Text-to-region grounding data
# # # #

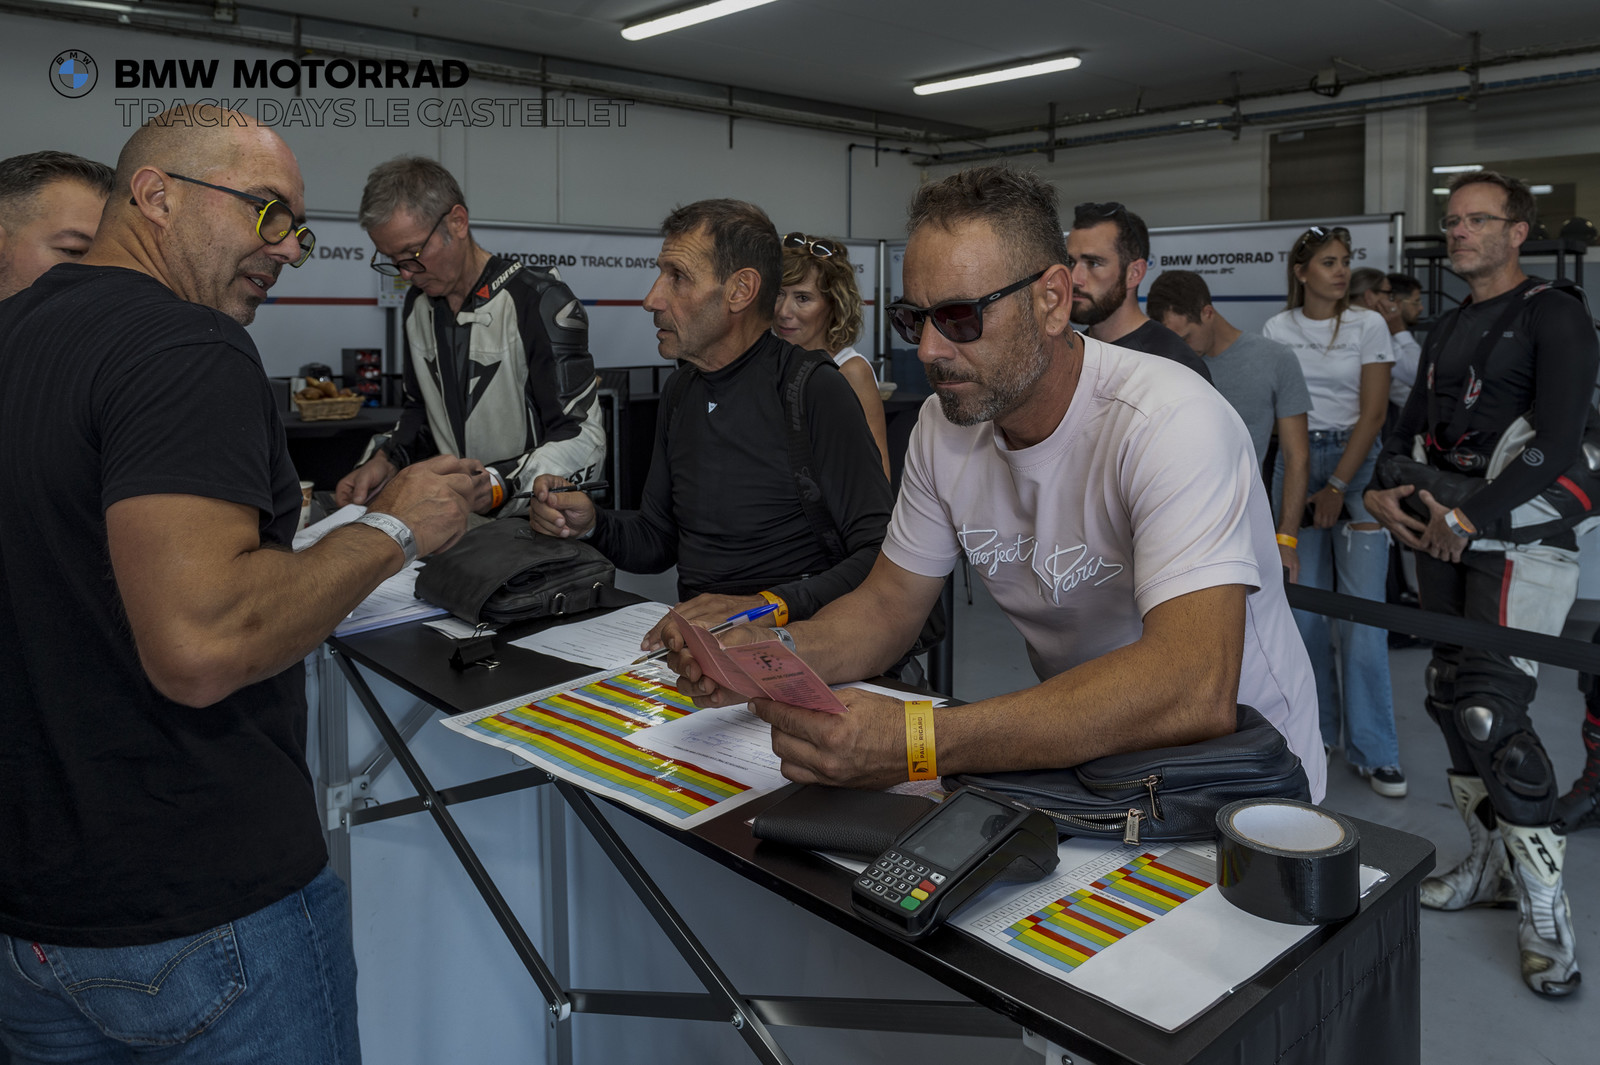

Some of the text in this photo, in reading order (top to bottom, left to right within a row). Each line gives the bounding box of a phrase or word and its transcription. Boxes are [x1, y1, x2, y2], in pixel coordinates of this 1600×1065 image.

[319, 246, 364, 260] DAYS
[1160, 255, 1192, 266] BMW
[1196, 252, 1274, 264] MOTORRAD
[581, 255, 623, 268] TRACK
[626, 257, 656, 269] DAYS
[957, 524, 1034, 576] Project
[1045, 544, 1124, 606] Paris
[760, 655, 772, 668] F
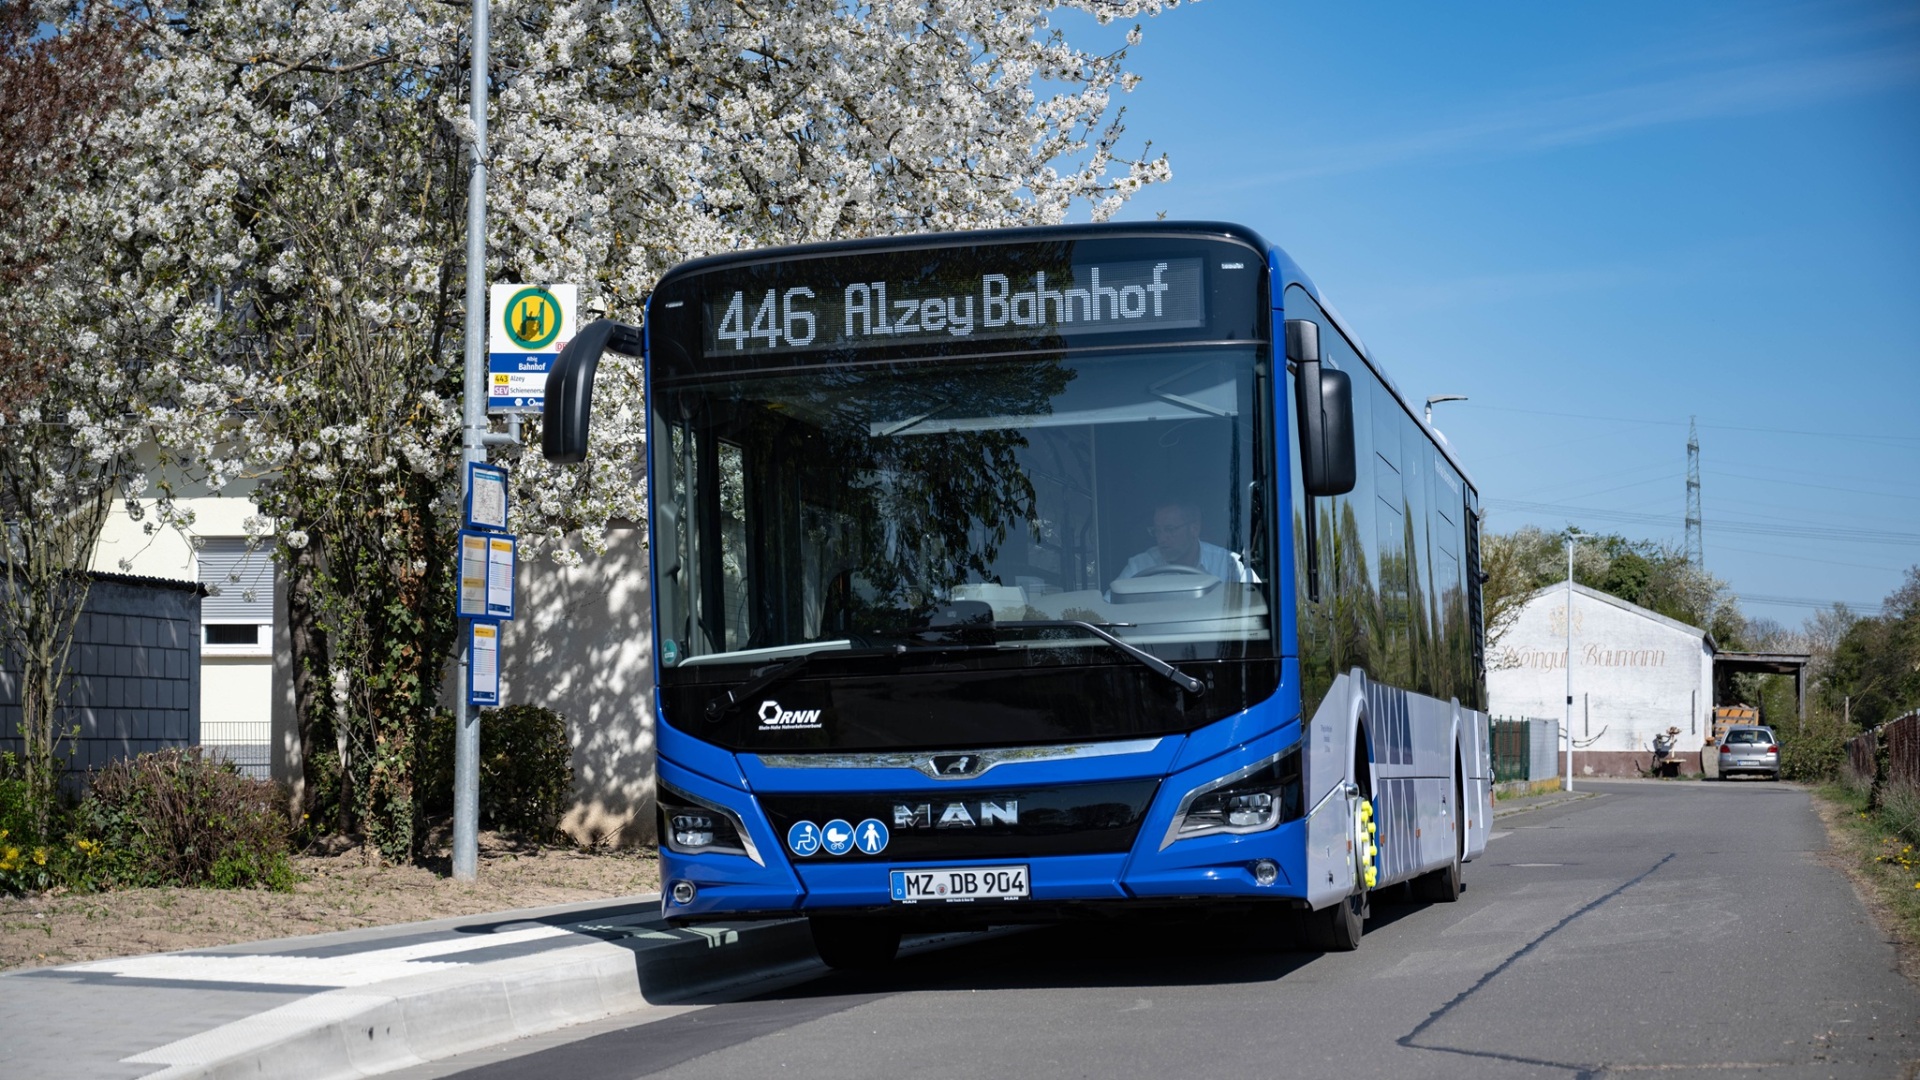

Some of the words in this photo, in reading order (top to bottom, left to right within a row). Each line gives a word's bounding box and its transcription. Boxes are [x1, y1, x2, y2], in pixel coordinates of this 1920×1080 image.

# # # #

→ **DIRECTIONS**
The required output is every line of the data above, set down exactly and stripped of pictures.

→ **SOLVED EXERCISE**
Some of the text in this photo, in reading order (top to bottom, left to right within a row). Each line gives the bounding box of a phrase or word and its transcription. Boxes are [x1, y1, x2, y2], in pixel coordinates of this 1600×1065 image.

[319, 246, 364, 260] DAYS
[1160, 255, 1192, 266] BMW
[1196, 252, 1274, 264] MOTORRAD
[581, 255, 623, 268] TRACK
[626, 257, 656, 269] DAYS
[957, 524, 1034, 576] Project
[1045, 544, 1124, 606] Paris
[760, 655, 772, 668] F

Some of the words in this photo, in reading order (top to bottom, left to right within a row). Each line gives a word's bounding box and its transcription. Boxes are [x1, y1, x2, y2], in pixel coordinates of this 1920×1080 image.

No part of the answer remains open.